Anyone who knew how to consistently buy a winner would be a millionaire by now! But there are a series of boxes to tick that give the best chance of a good outcome. Firstly, look at conformation – does the horse look fit to jump, event or wow a dressage judge? For dressage, look for longer pasterns for extravagance, sloping shoulders for range of movement, a wide chest for lung capacity, not too long in the back – the longer it is the more difficult to collect. One of the most important things though, is the feet – no matter what the horse is destined for. As the old adage goes, ‘no foot, no horse’, so even feet with a good amount of heel and all equal sizes and shapes is a must.
Secondly, consider attitude – how is he in the stable? You want him to be relaxed, with no box walking or running to the back. Confident enough to meet you but not mow you down as you go in. Before tacking up, ask to see him walked out in-hand to assess how he reacts to different surroundings. Even unridden youngsters give an idea of their attitude to new surroundings – are they spooky, chilled or bargy?
Once you’ve seen him be walked and trotted up, ask to see him under saddle with his usual rider. Never offer to get on first as you don’t know how a horse will react. If the owner says it’ll be fine, be firm and ask them to ride first. If they refuse or say there’s no one to ride him, it’s time to walk away.
As the horse is being been ridden, assess his way of going and how suitable you feel he is for your needs. If he’s young, mostly observe his walk and canter. Ignore the rider especially if they look like they’re interfering too much – you have to make your own judgement. Bear in mind that we all ride very differently and, therefore, you may press very different buttons and gel with the horse more than the current rider. So unless there’s a safety issue, sit on and have a play. Assess each gait, the horse’s reaction and then compare these to what you are after.
Probably the most important trait to look for is attitude – does he want to do it? You can buy the biggest moving horse out there but if he decides he doesn’t want to do it, those paces mean nothing. A horse with three good or average paces and a trainable attitude means you have a good place to start and with training you and that horse can do anything. Don’t forget Valegro wasn’t born trotting or cantering like he does now, he had three very correct gaits and the rest is expert training and a good brain.

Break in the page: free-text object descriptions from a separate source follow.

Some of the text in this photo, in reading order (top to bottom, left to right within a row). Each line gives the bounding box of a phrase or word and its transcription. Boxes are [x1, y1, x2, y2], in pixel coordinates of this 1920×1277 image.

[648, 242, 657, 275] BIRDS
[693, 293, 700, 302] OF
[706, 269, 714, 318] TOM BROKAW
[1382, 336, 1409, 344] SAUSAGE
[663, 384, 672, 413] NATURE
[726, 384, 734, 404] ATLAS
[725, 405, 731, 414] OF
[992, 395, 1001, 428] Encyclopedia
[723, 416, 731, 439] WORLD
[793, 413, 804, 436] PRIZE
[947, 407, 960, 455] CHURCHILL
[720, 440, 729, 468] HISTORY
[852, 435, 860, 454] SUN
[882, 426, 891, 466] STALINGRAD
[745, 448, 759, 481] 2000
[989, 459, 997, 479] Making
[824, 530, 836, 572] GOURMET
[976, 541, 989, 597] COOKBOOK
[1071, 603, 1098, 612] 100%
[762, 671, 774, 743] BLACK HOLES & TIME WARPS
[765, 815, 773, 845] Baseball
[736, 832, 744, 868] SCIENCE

For the competitive amateur, buying British has lots to offer. The practicalities of buying are easier – you can try the horse more than once if you like him and in different situations too, such as hacking. You can also see him in action at an event, which will tell you a lot about his temperament and manners. It’s easier to attend the vetting if the horse is local and a reputable breeder will want you to do well and will be happy to stay in touch and offer help if needed – again, easier to do if you’re in the same country.